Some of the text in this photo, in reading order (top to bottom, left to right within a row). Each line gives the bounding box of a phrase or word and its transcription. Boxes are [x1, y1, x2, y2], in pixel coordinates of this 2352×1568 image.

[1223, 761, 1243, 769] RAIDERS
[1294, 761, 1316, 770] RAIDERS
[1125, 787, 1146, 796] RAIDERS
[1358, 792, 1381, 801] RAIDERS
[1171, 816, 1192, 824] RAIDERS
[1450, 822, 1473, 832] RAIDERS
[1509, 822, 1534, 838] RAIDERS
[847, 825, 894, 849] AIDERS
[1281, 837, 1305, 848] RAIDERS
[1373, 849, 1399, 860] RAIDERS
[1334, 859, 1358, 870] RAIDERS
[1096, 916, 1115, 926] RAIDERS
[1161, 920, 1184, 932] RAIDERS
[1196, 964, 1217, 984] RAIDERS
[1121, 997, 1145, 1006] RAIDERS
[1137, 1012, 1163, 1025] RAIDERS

**REQUIRED WORK:**
Retype all of the records above, keeping them identical.

**TASK OUTPUT:**
Some of the text in this photo, in reading order (top to bottom, left to right within a row). Each line gives the bounding box of a phrase or word and its transcription. Boxes are [x1, y1, x2, y2], in pixel coordinates of this 2352×1568 image.

[1223, 761, 1243, 769] RAIDERS
[1294, 761, 1316, 770] RAIDERS
[1125, 787, 1146, 796] RAIDERS
[1358, 792, 1381, 801] RAIDERS
[1171, 816, 1192, 824] RAIDERS
[1450, 822, 1473, 832] RAIDERS
[1509, 822, 1534, 838] RAIDERS
[847, 825, 894, 849] AIDERS
[1281, 837, 1305, 848] RAIDERS
[1373, 849, 1399, 860] RAIDERS
[1334, 859, 1358, 870] RAIDERS
[1096, 916, 1115, 926] RAIDERS
[1161, 920, 1184, 932] RAIDERS
[1196, 964, 1217, 984] RAIDERS
[1121, 997, 1145, 1006] RAIDERS
[1137, 1012, 1163, 1025] RAIDERS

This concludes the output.